ADD COMMENT • link updated 8 days ago by lieven.sterck 15k • written 14 days ago by samuel.himes • 0

1

Entering edit mode

I'm not exactly sure that I've got what you want to do, but there is EMBOSS set of tools including fuzznuc see: http://emboss.open-bio.org/rel/rel6/apps/fuzznuc.html which can use these kind for patterns (similar to regex) to search a sequence.

ADD REPLY • link 13 days ago by massa.kassa.sc3na ▴ 650

0

Entering edit mode

Thanks for the response! Sorry if my question was unclear. What I’m looking for is a way to perform a BLAST search where the query allows for a variable number of ambiguous nucleotides in certain regions. Meaning, rather than specifying an exact number of Ns, I’d like to search for matches that accommodate a range of Ns.

Thanks for pointing me to fuzznuc. That looks like the right idea.

This line from the documentation is exactly the behavior I'm looking for.

Repetition of an element of the pattern can be indicated by following that element with a numerical value or a numerical range between parenthesis. Examples: N(3) corresponds to N-N-N, N(2,4) corresponds to N-N or N-N-N or N-N-N-N.

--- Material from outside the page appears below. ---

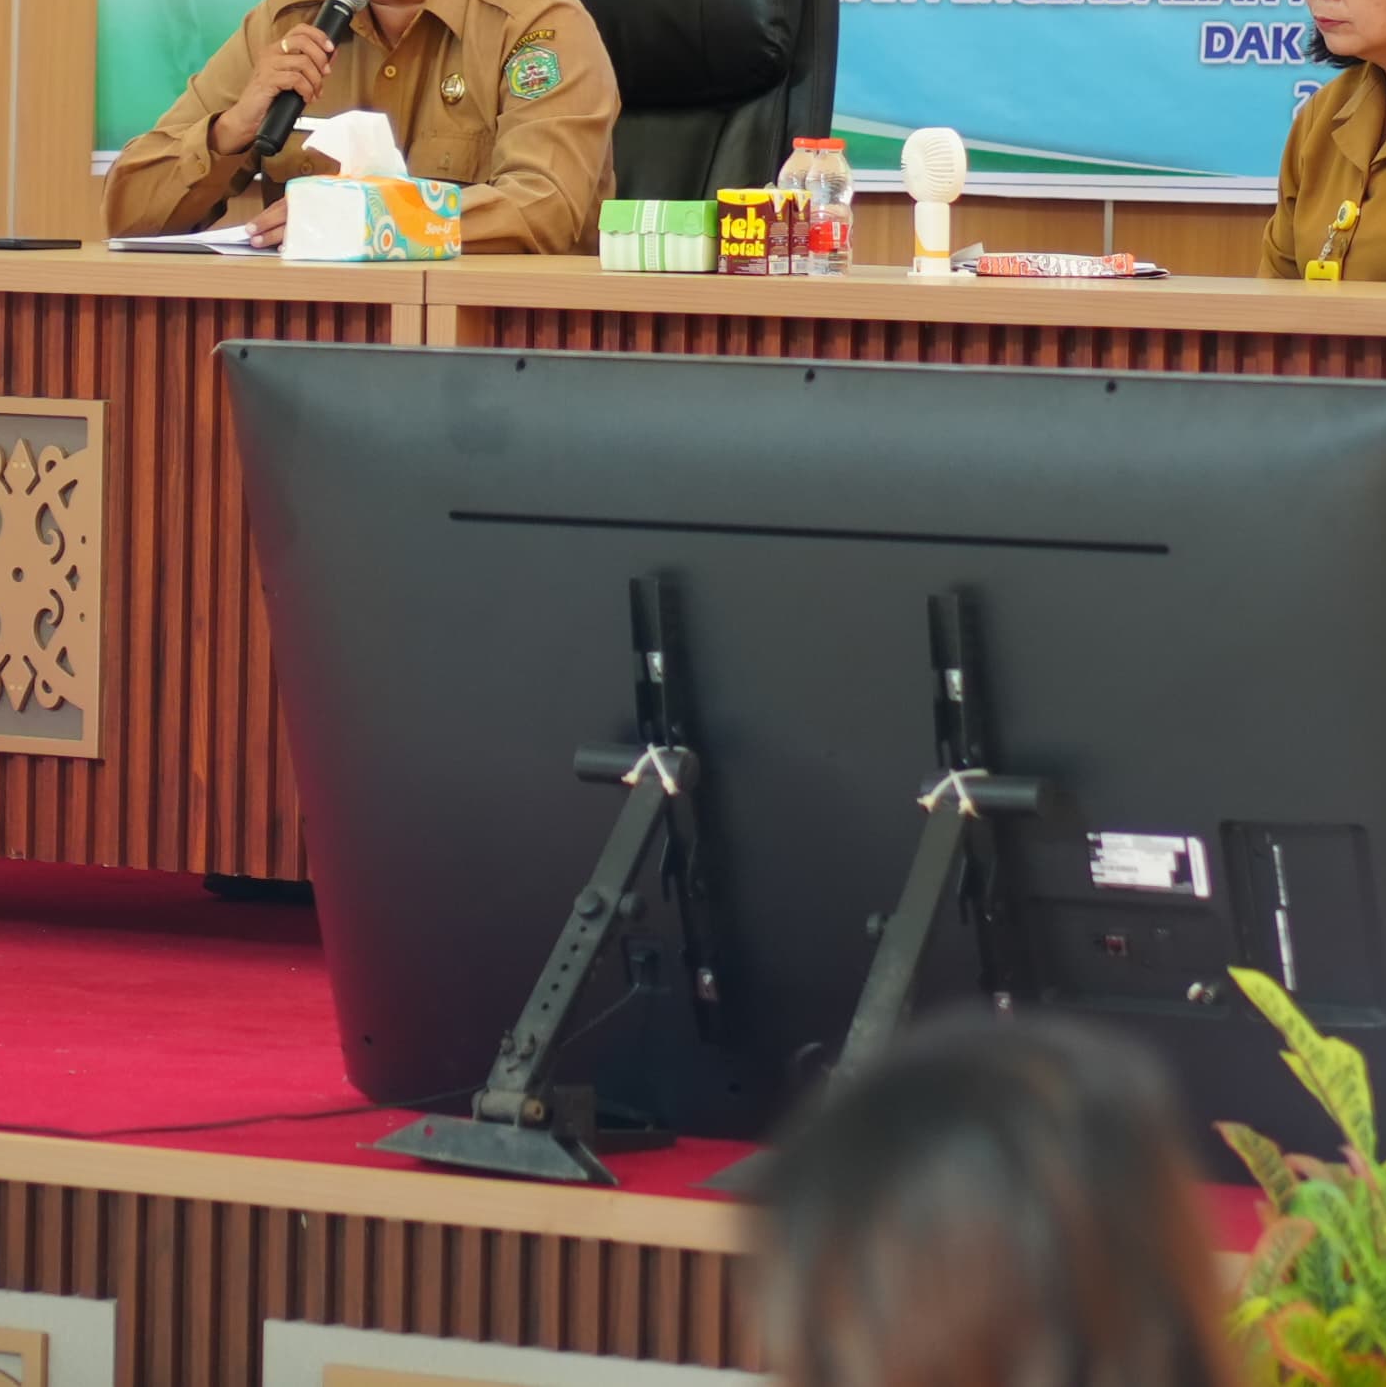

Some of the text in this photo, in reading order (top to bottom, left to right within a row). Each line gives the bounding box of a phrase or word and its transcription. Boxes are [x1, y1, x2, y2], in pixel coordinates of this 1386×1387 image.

[1204, 26, 1301, 60] DAK
[721, 207, 766, 240] teh
[721, 239, 766, 257] kotak
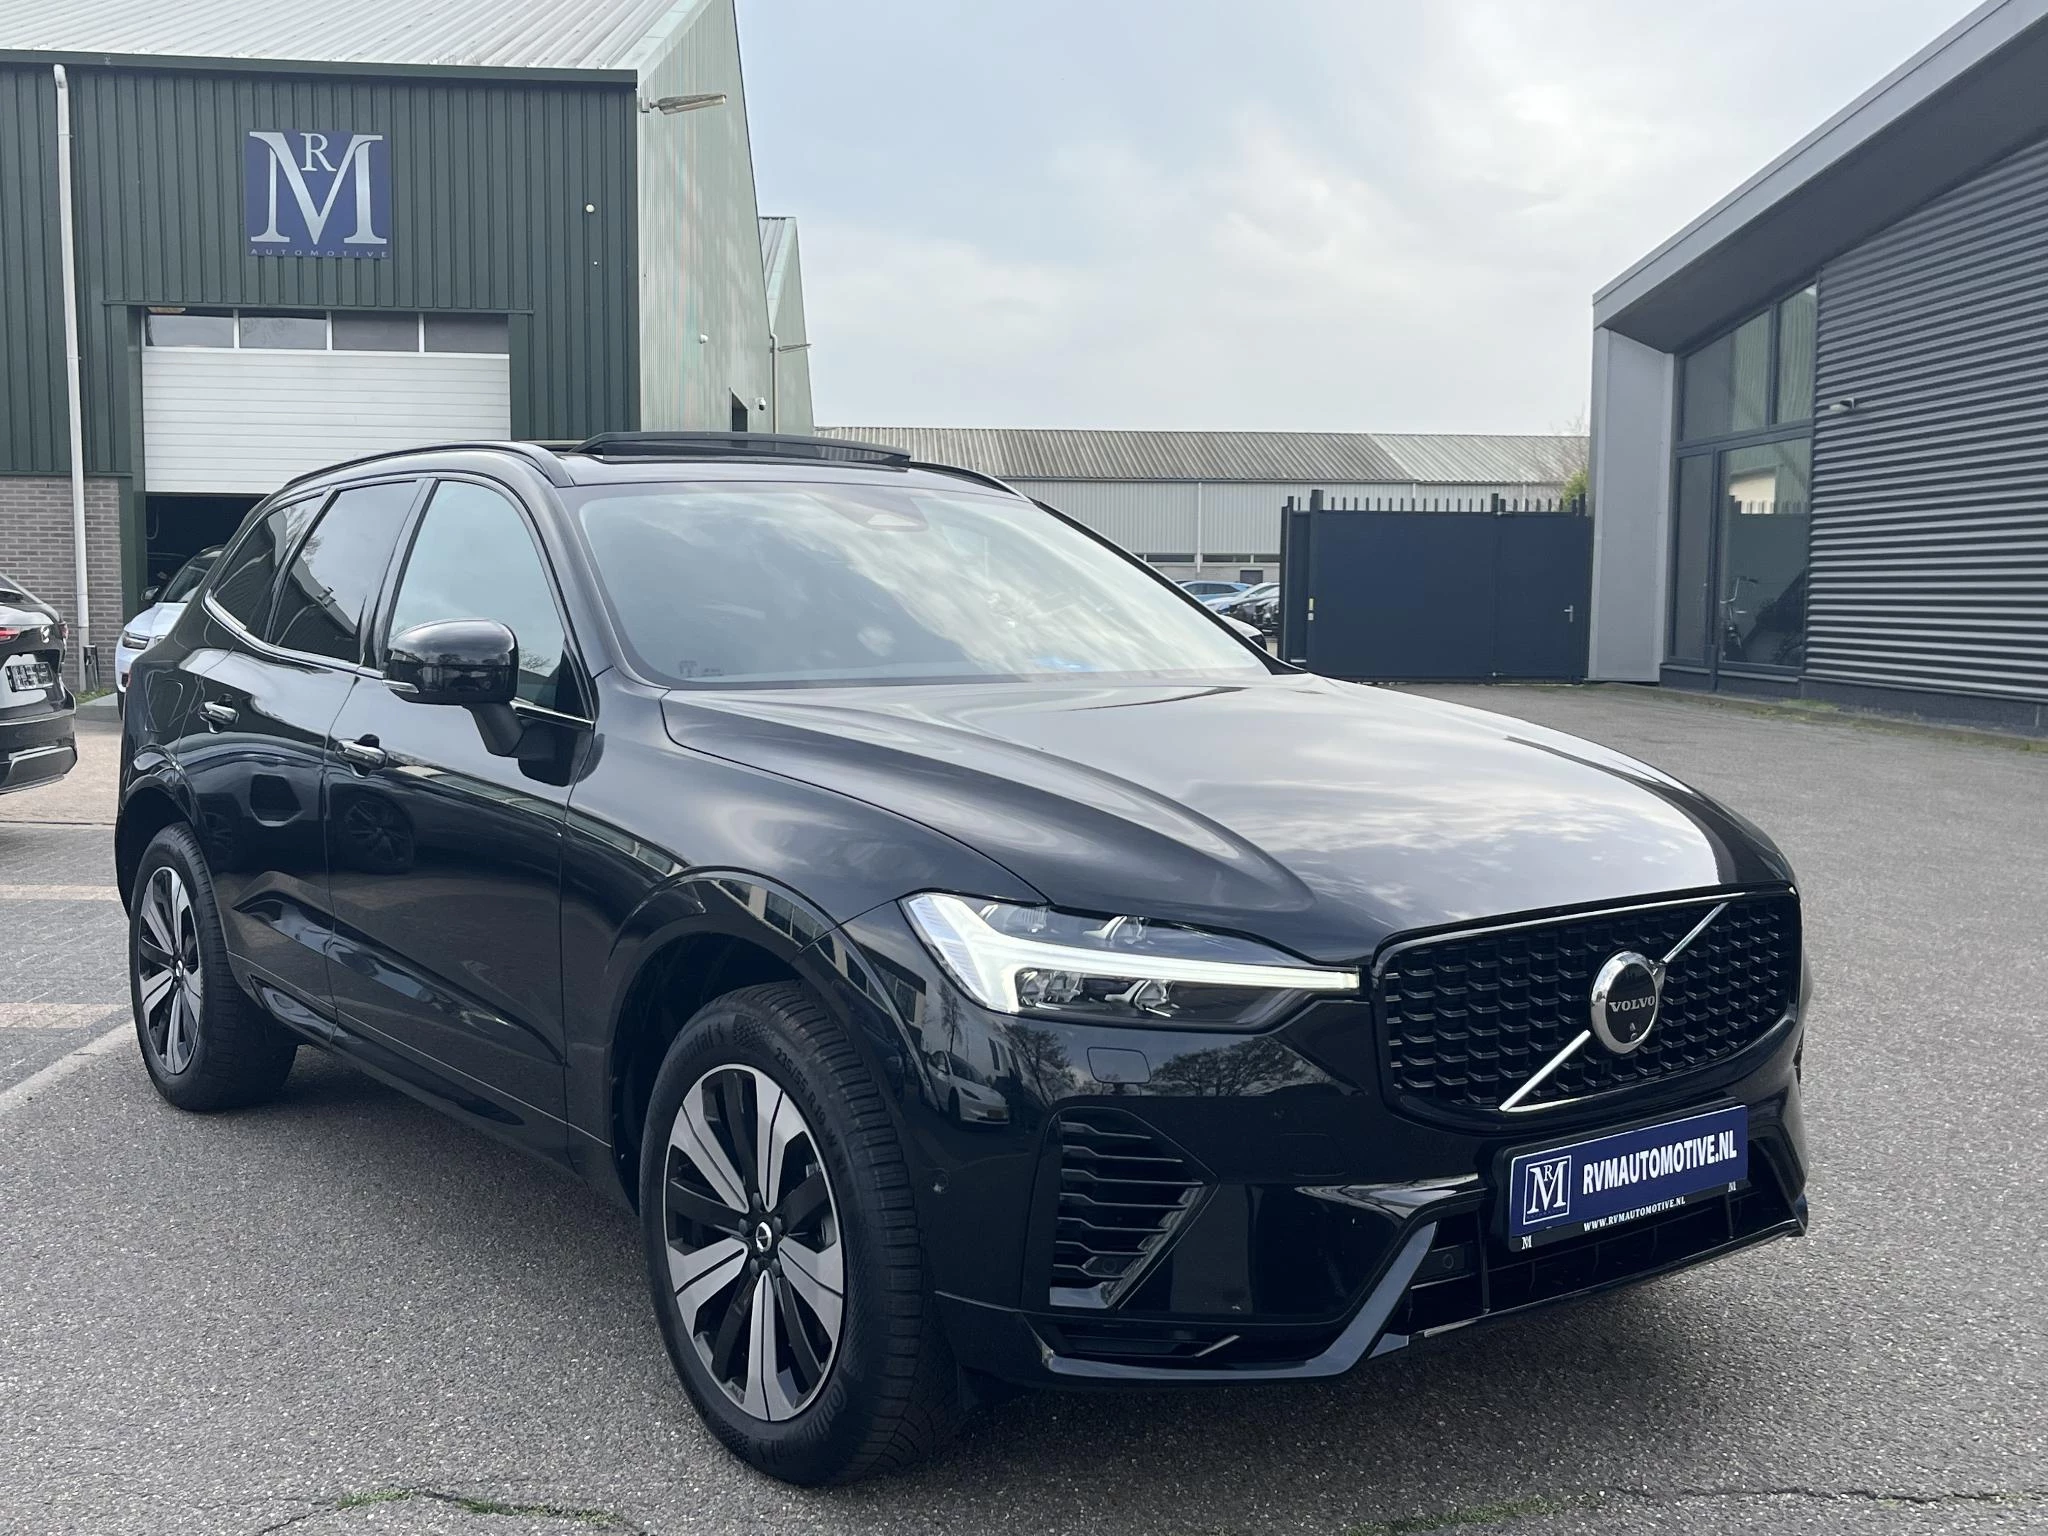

However, if I'm understanding correctly, fuzznuc searches a single sequence for a pattern. I need something that could search a database of sequences for said pattern.

ADD REPLY • link 13 days ago by samuel.himes • 0

1

Entering edit mode

If your sequences on either side are longer, and if you want BLASTs fuzziness for the sequences on either side, you could also:

split the sequence in two: I.e. have run blast with TTC...GTCN, and separately with TCA...CTG
and then parse the BLAST output (table/json/xml) to figure out the distance.

ADD REPLY • link 13 days ago by SequenceServer ▴ 150

0

Entering edit mode

Yeah, my two known sequences are long enough to blast on their own. Up to this point, we actually have been blasting them separately. What I'm hoping to gain by blasting both at the same time is getting a list of reference that contain sequence 1 and sequence 2 when they are appropriately separated by Ns.

But I believe your work around is a good one. I could just find all the references in common between the two blast searches and find the ones that are separated by the expected range of Ns.

ADD REPLY • link 13 days ago by samuel.himes • 0

1

Entering edit mode

The fuzznuc can process multiple sequences. Just pass a fasta file containing multiple sequences. from docs:

% fuzznuc 
Search for patterns in nucleotide sequences

ADD REPLY • link 10 days ago by massa.kassa.sc3na ▴ 650

1

Entering edit mode

http://www.vmatch.de/ allows parameters such as maxgap and hamming distance

ADD REPLY • link 10 days ago by Jeremy Leipzig 22k

score 3 · Accepted Answer · 2024-12-16

short answer: No, blast is not able to do that.

Blast only takes fasta sequences as input (and to some extent raw/bare sequence or gb/embl format). Sequences are expected to be represented in the standard IUB/IUPAC amino acid and nucleic acid codes, but there are a few exceptions though, for instance * can be used but only when protein is the input (not nucleotide) to indicate a "stopcodon". Another one is that you can use the hyphen - as input to denote a gap of indeterminate length (not in the blast website though, only on the cmdline thus)

As SequenceServer already indicated you can likely get the info you want but not as such and thus some post-processing will be required. If the non-N stretch matches a hit blast will created a gap in the alignment where the Ns are. When you dig in the detailed parameters of your blast search you can tweak these to better (or more directly) get the output you want, but this will require some trail-and-error (for instance playing with the gap-open en gap-extension costs) and will likely not be omni-applicable on each kind of input you might have.

One more remark: blast is a search tool, not an alignment tool!! To get the best alignment you're better off using a real alignment tool.